PSMA-specific degradable dextran for multiplexed immunotargeted siRNA therapeutics against prostate cancer.

Abstract

Small interfering RNA (siRNA) is ideal for gene silencing through a sequence-specific RNA interference process. The redundancy and complexity of molecular pathways in cancer create a need for multiplexed targeting that can be achieved with multiplexed siRNA delivery. Here, we delivered multiplexed siRNA with a PSMA-targeted biocompatible dextran nanocarrier to downregulate CD46 and PD-L1 in PSMA expressing prostate cancer cells. The selected gene targets, PD-L1 and CD46, play important roles in the escape of cancer cells from immune surveillance.

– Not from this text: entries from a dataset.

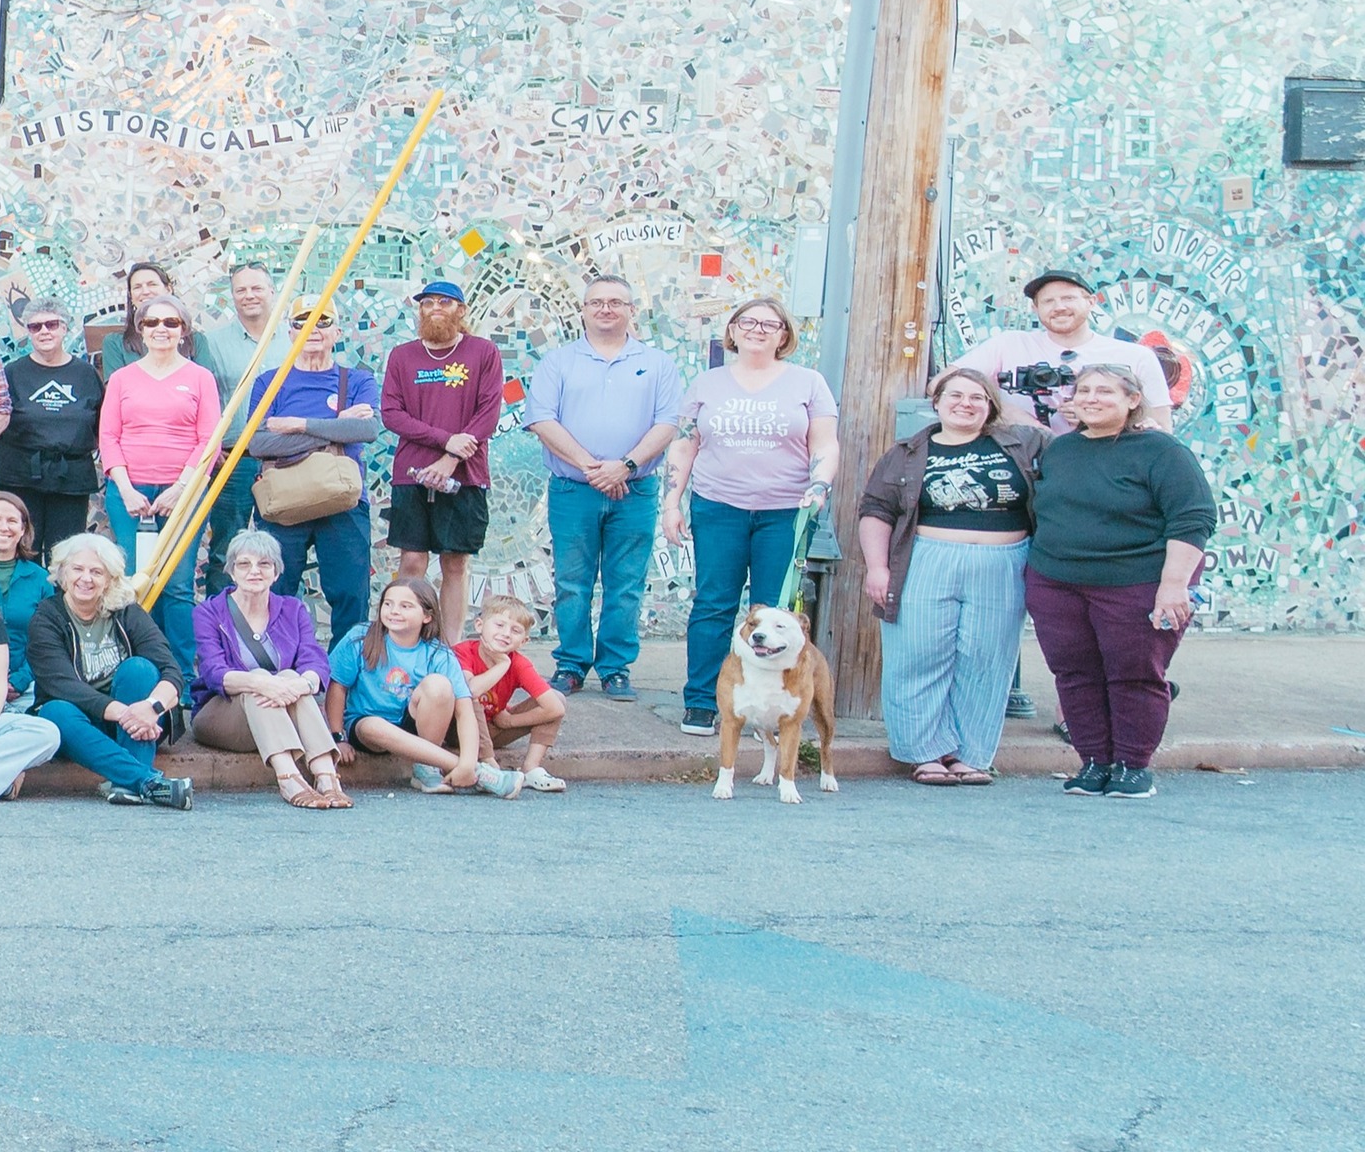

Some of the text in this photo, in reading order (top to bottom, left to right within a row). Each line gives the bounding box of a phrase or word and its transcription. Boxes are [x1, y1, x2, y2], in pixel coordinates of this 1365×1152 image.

[23, 110, 349, 152] HISTORICALLY HIP
[552, 105, 658, 136] CAVES
[1152, 224, 1243, 294] STORER
[1089, 288, 1240, 420] ANCIPATION
[417, 368, 444, 379] Earth
[44, 391, 61, 399] MC
[709, 413, 790, 437] Willa's
[723, 436, 776, 449] Bookshop

PSMA, abundantly expressed by prostate cancer cells, allowed the prostate cancer-specific delivery of the nanocarrier. The nanocarrier was modified with acid cleavable acetal bonds for a rapid release of siRNA. Cell imaging and flow cytometry studies confirmed the PSMA-specific delivery of CD46 and PD-L1 siRNA to high PSMA expressing PC-3 PIP cells. Immunoblot, qRT-PCR and flow cytometry methods confirmed the downregulation of CD46 and PD-L1 following treatment with multiplexed siRNA.